## What is needed
Each record below should be output verbatim, without pictures.

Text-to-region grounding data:
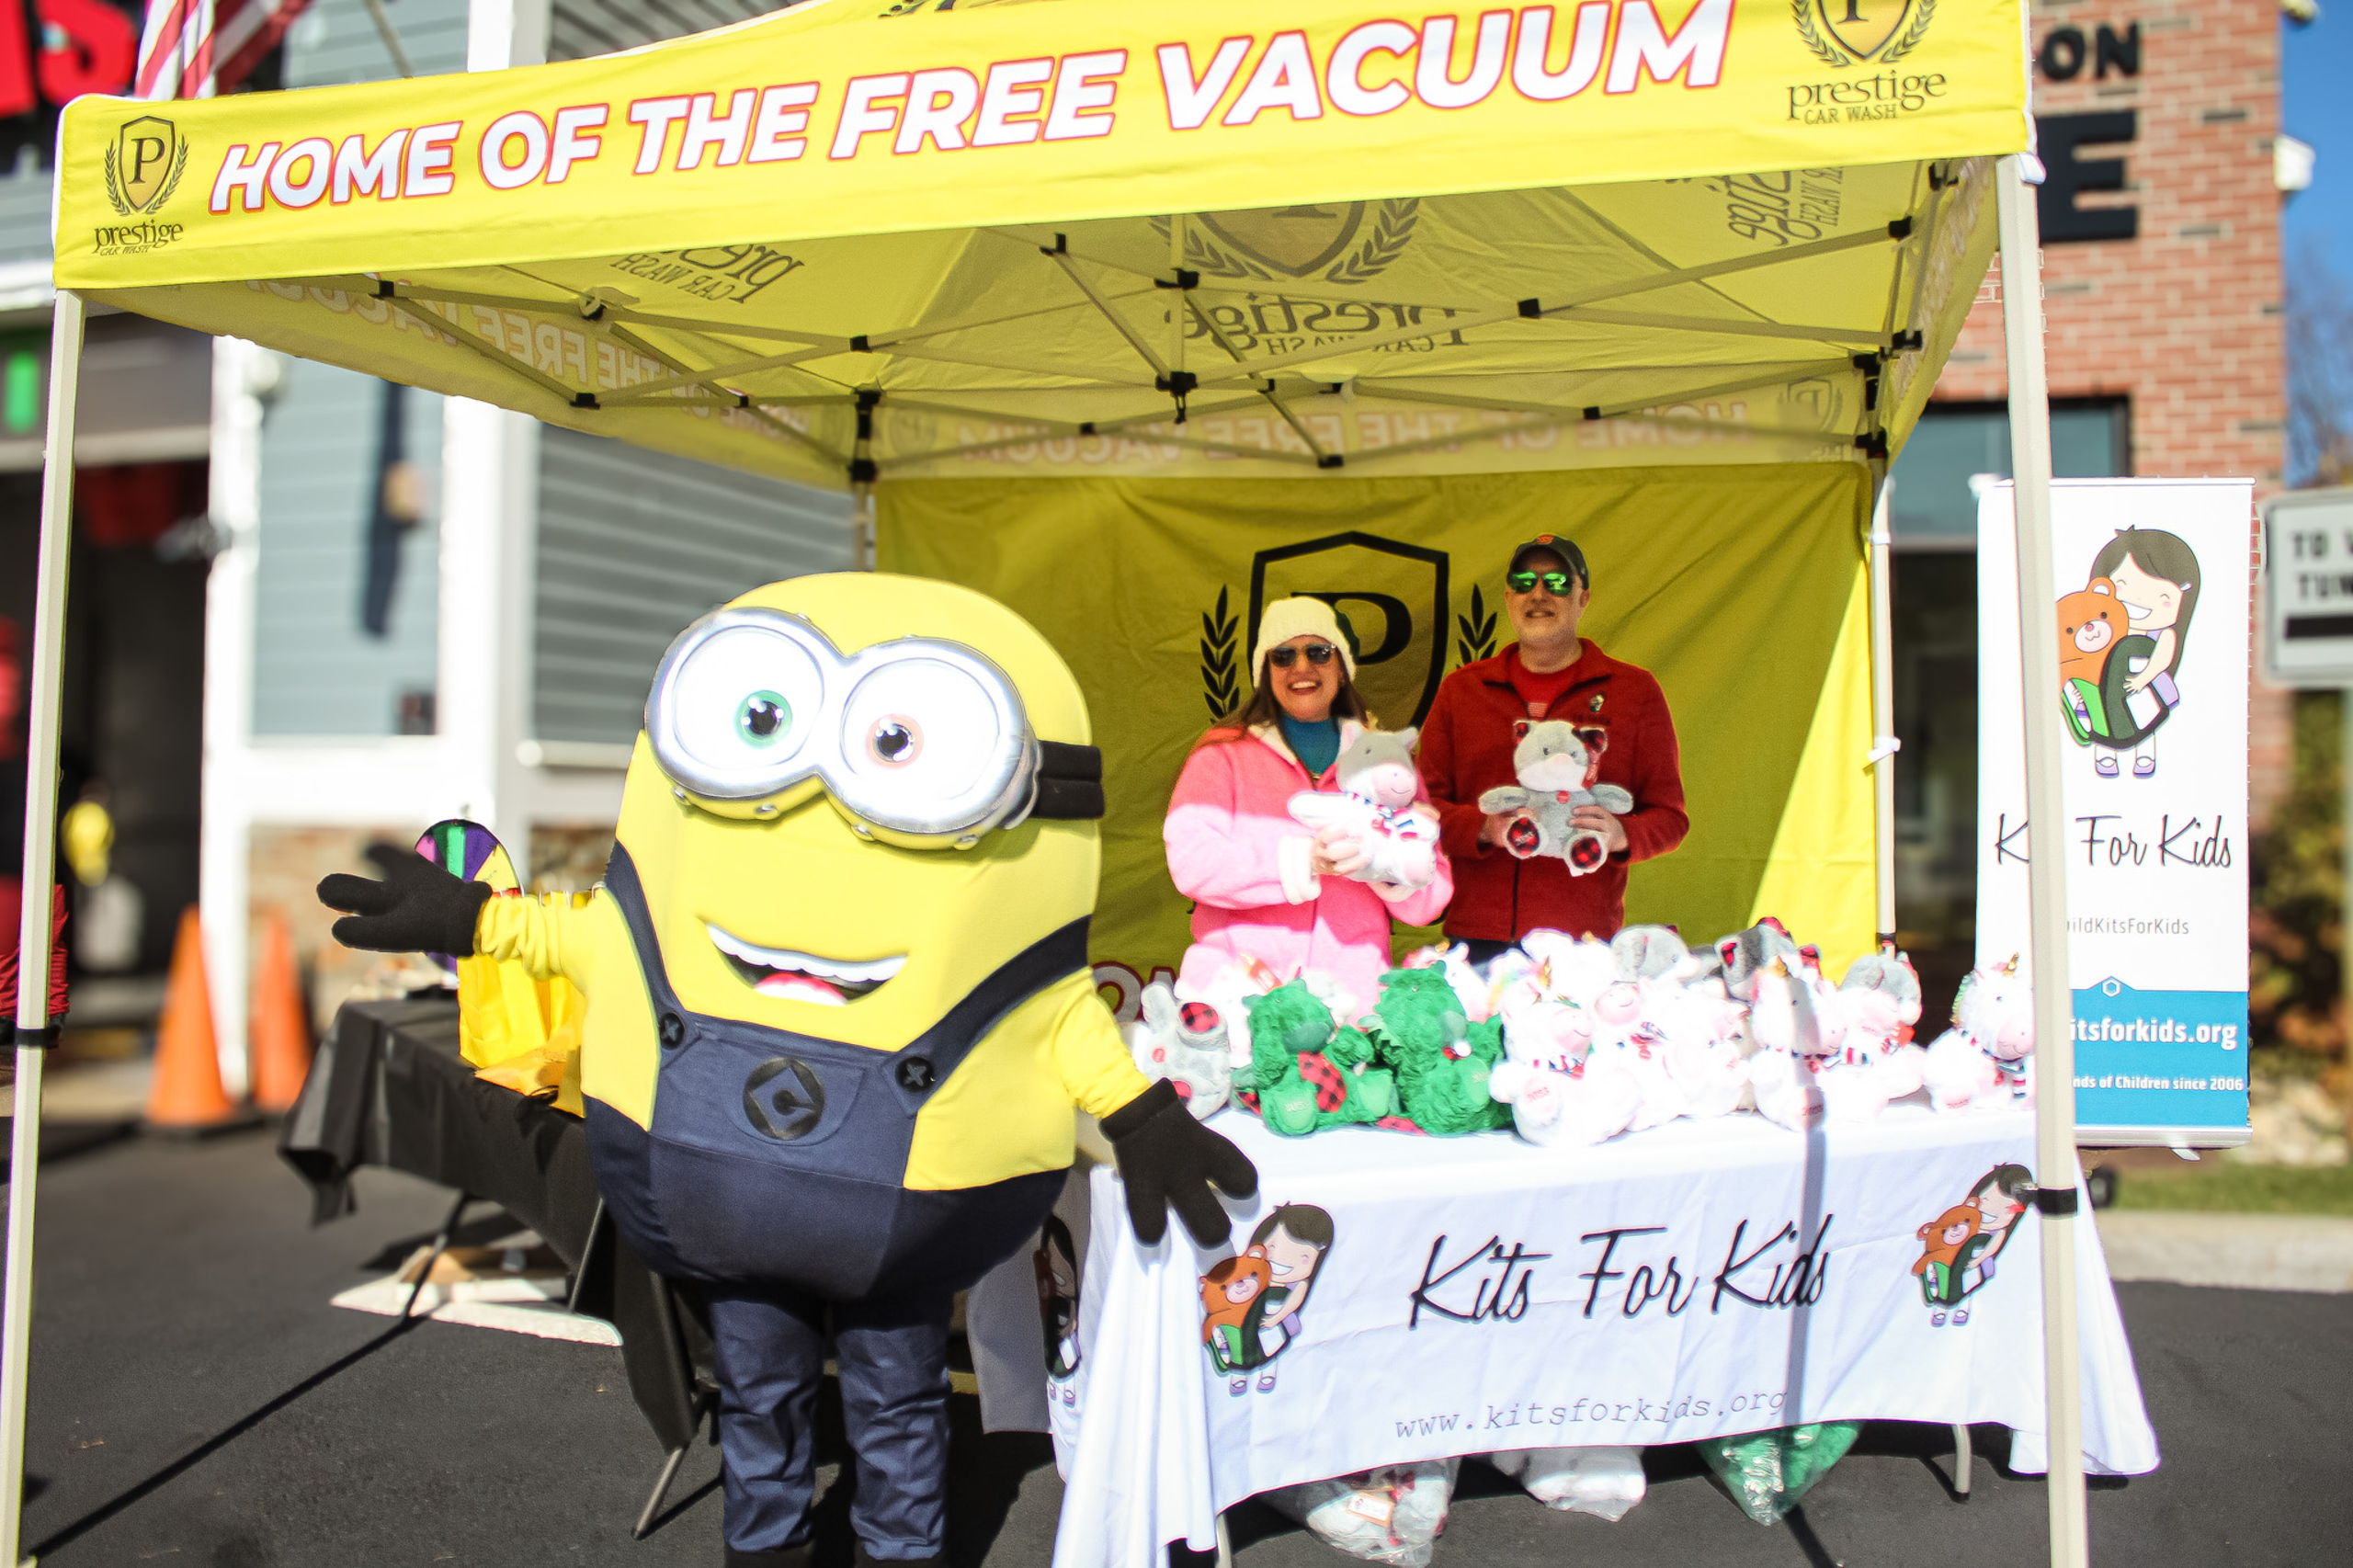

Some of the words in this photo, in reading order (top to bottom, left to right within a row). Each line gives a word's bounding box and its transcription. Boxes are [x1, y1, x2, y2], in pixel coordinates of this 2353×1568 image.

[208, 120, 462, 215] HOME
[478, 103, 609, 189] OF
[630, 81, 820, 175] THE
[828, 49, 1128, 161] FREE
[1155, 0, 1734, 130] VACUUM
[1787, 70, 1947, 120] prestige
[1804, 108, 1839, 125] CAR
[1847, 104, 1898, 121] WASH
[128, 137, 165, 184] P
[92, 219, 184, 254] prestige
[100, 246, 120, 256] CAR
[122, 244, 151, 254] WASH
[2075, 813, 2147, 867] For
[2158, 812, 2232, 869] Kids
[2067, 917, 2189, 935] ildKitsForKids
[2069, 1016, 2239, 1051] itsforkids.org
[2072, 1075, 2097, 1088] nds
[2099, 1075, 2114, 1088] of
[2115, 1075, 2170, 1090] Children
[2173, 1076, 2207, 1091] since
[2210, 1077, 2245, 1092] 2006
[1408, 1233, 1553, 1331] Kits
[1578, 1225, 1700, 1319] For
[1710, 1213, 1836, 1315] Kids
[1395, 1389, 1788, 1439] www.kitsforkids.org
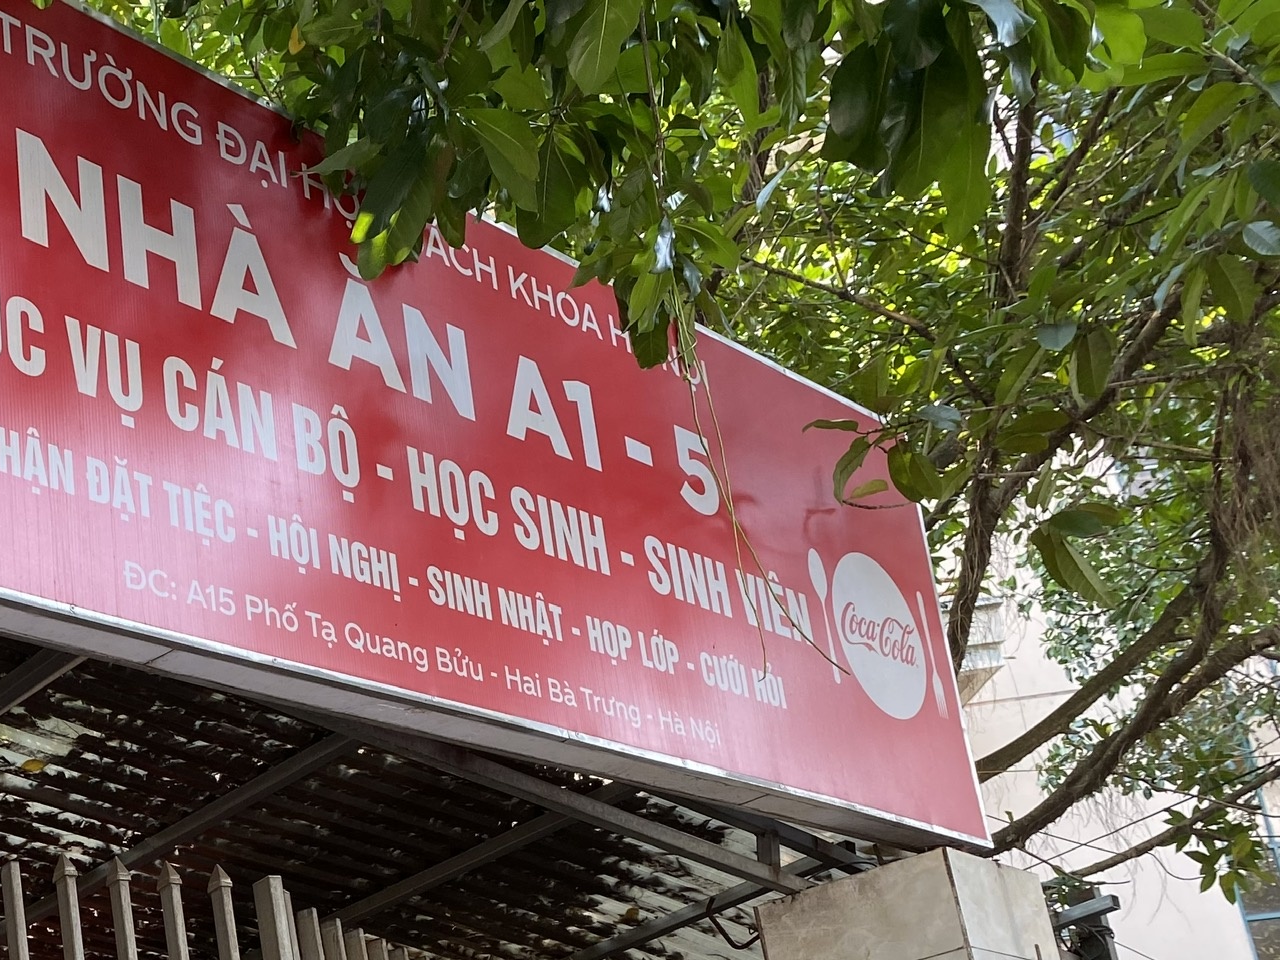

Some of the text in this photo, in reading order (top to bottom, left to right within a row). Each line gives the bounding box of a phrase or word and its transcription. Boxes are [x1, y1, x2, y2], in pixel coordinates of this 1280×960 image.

## Response
Some of the words in this photo, in reading order (top to bottom, left to right within a row). Each line gives a word's bounding box and its transcription. Boxes are [x1, y1, x2, y2], in pixel coordinates of this 2353×1568 image.

[208, 120, 462, 215] HOME
[478, 103, 609, 189] OF
[630, 81, 820, 175] THE
[828, 49, 1128, 161] FREE
[1155, 0, 1734, 130] VACUUM
[1787, 70, 1947, 120] prestige
[1804, 108, 1839, 125] CAR
[1847, 104, 1898, 121] WASH
[128, 137, 165, 184] P
[92, 219, 184, 254] prestige
[100, 246, 120, 256] CAR
[122, 244, 151, 254] WASH
[2075, 813, 2147, 867] For
[2158, 812, 2232, 869] Kids
[2067, 917, 2189, 935] ildKitsForKids
[2069, 1016, 2239, 1051] itsforkids.org
[2072, 1075, 2097, 1088] nds
[2099, 1075, 2114, 1088] of
[2115, 1075, 2170, 1090] Children
[2173, 1076, 2207, 1091] since
[2210, 1077, 2245, 1092] 2006
[1408, 1233, 1553, 1331] Kits
[1578, 1225, 1700, 1319] For
[1710, 1213, 1836, 1315] Kids
[1395, 1389, 1788, 1439] www.kitsforkids.org

Some of the text in this photo, in reading order (top to bottom, left to right within a row). Each line gives the bounding box of a phrase or word and its transcription. Boxes are [x1, y1, x2, y2], in pixel coordinates of this 1280×960 image.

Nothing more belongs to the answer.